ABOUT THIS TASK: Restate, in full and unchanged, the entries that follow, but not their pictures.

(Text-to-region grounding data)
++++++

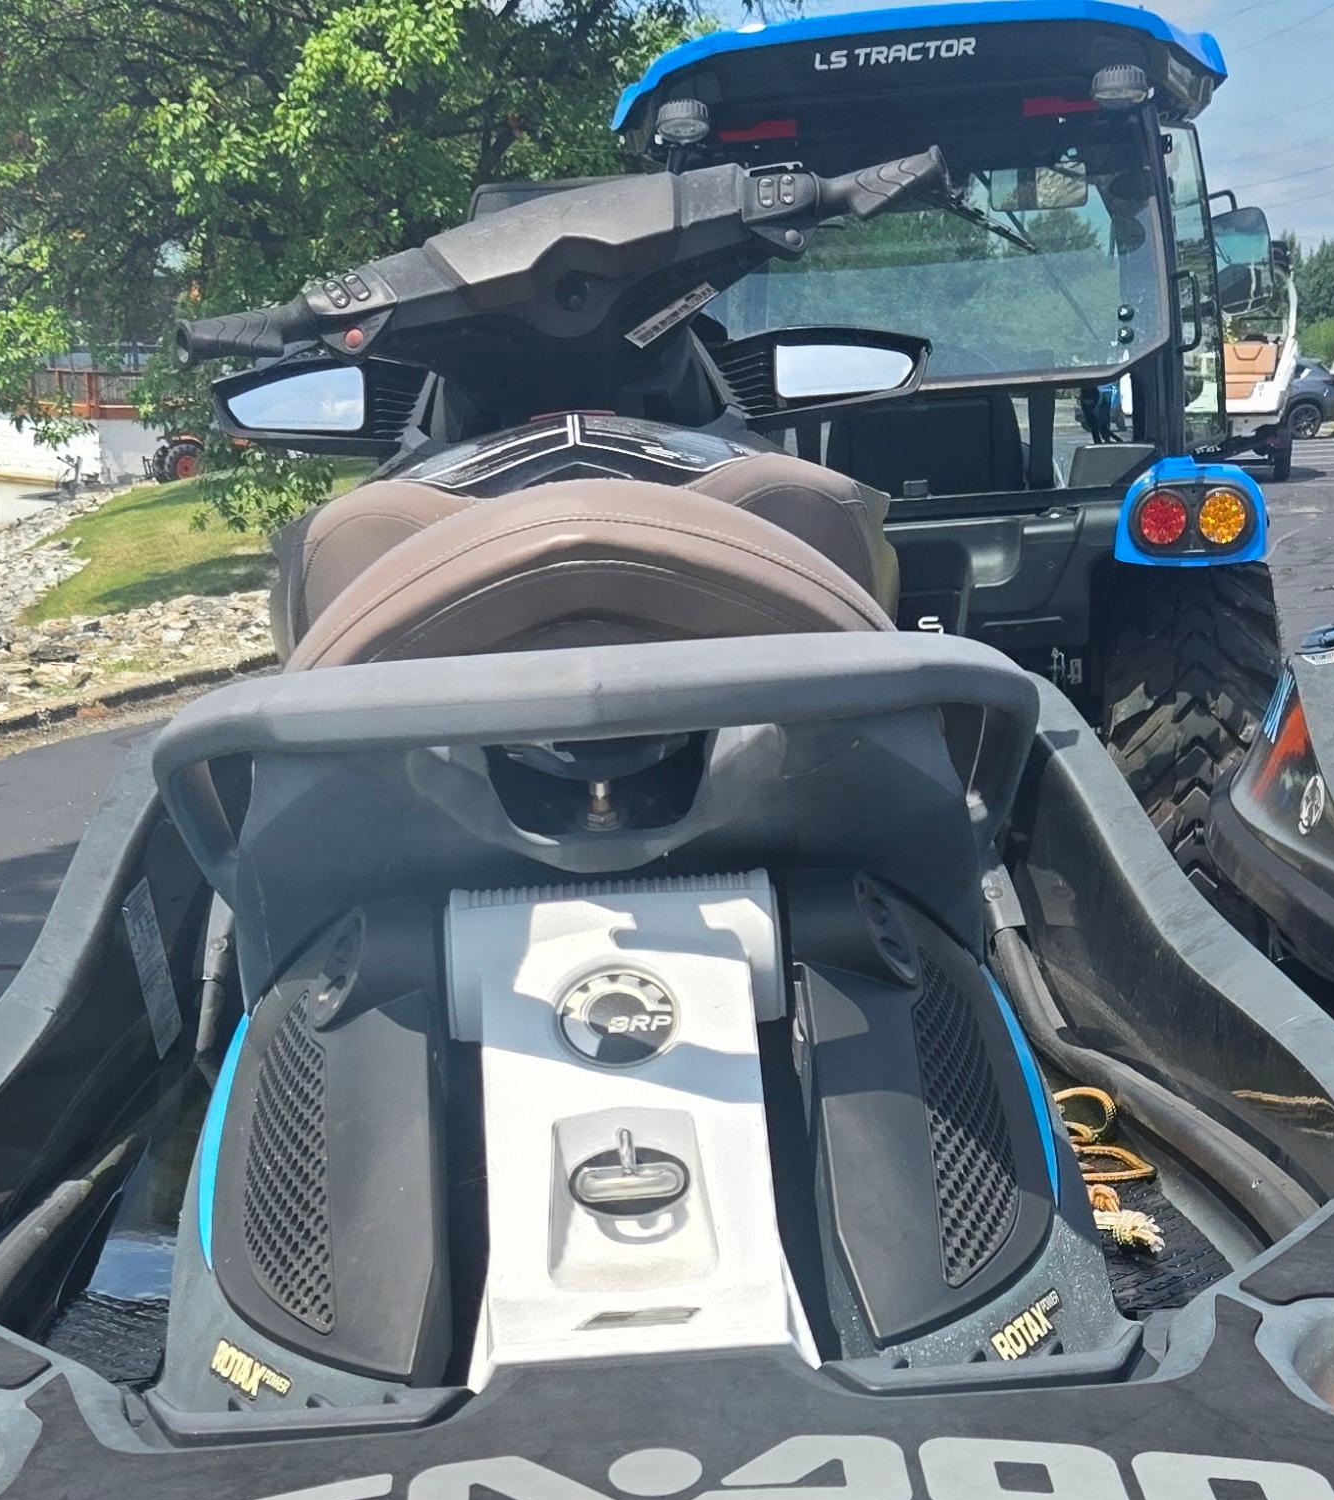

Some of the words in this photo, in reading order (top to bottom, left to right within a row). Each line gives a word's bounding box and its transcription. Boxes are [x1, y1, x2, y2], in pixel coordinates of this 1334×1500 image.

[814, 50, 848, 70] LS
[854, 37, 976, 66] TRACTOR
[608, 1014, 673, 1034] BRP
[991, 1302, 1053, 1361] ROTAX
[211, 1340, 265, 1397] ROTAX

++++++

TASK RESULT:
Some of the words in this photo, in reading order (top to bottom, left to right within a row). Each line gives a word's bounding box and its transcription. Boxes are [x1, y1, x2, y2], in pixel coordinates of this 1334×1500 image.

[814, 50, 848, 70] LS
[854, 37, 976, 66] TRACTOR
[608, 1014, 673, 1034] BRP
[991, 1302, 1053, 1361] ROTAX
[211, 1340, 265, 1397] ROTAX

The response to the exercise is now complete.